I too am a veteran, of the Viet Nam conflict, where I served some 27 months in a combat role. I am classified as fully and permanently disabled with service connection. I currently get most of my healthcare through the Eugene VA clinic. I am a retired lawyer.

The VA was unprepared for the vast influx of veterans into the healthcare and disability compensation during and at the end of the Viet Nam war. Services were abysmal and staff-oriented, and it often took years to obtain a disability compensation rating. I have seen vast improvement since but the system still suffers from fundamental weaknesses that can only be cured by enactment of universal health care.
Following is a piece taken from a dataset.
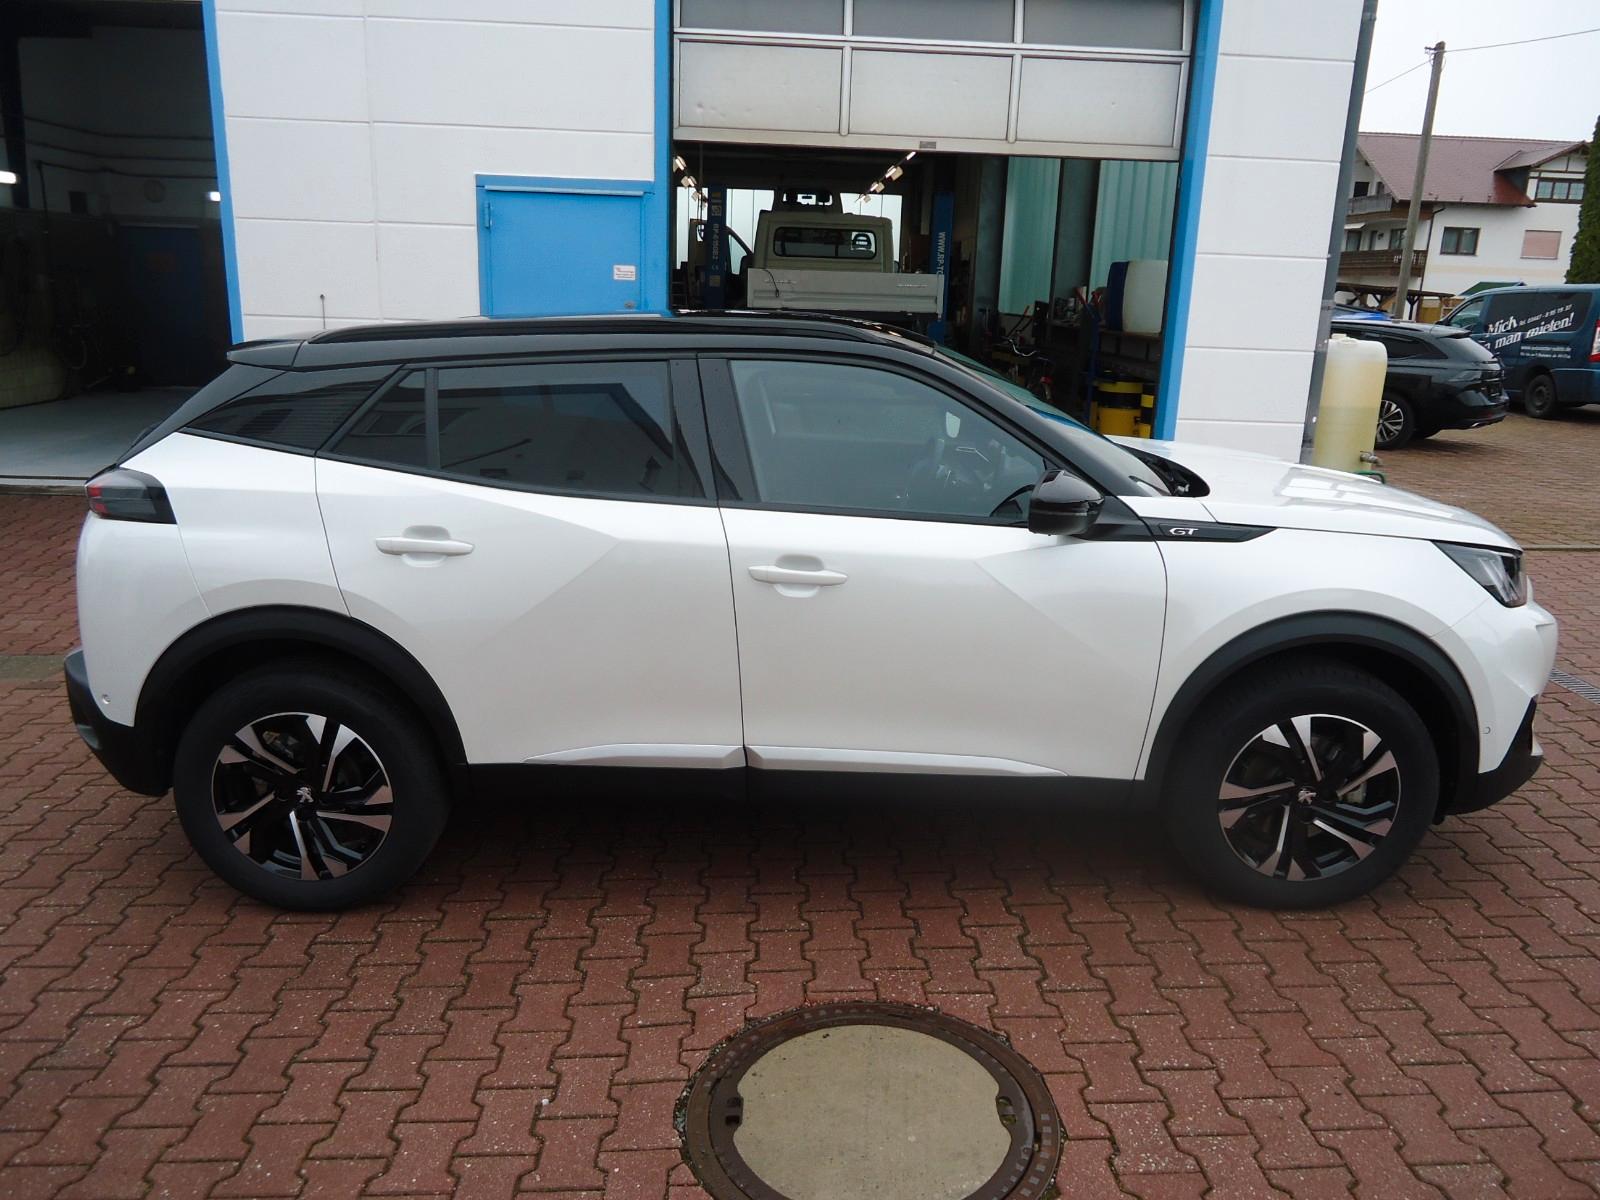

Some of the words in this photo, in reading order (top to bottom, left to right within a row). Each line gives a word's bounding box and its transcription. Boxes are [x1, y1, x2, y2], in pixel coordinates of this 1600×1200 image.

Although strides have been made recently in relevant regard, the major problem of the VA healthcare system is that it is not fully integrated with community health care. It was and to a large extent remains true that health care is delayed because of the VA's preference for providing services via VA staff. Far too often, vets are required to wait or travel long distances to obtain health care services that are readily available in the community.

Veteran organizations drastically oppose farming out health care to the community community because veterans without service-connected disabilities are only entitled to VA health care on a "beds available" basis. The only way to get VA health care services to them was to fight for more "beds" than were needed for the service-connected and to resist community health care for veterans. That war in Congress continues to this day under the veteran organizations' "save the VA" banner that aims to keep veteran health care inside the VA system at the expense of community care.

Universal health care (Medicare for All) is the inevitable solution to this problem but we have to fight both the veteran service organizations and the insurance industry to get there. I don't expect to live long enough to see it.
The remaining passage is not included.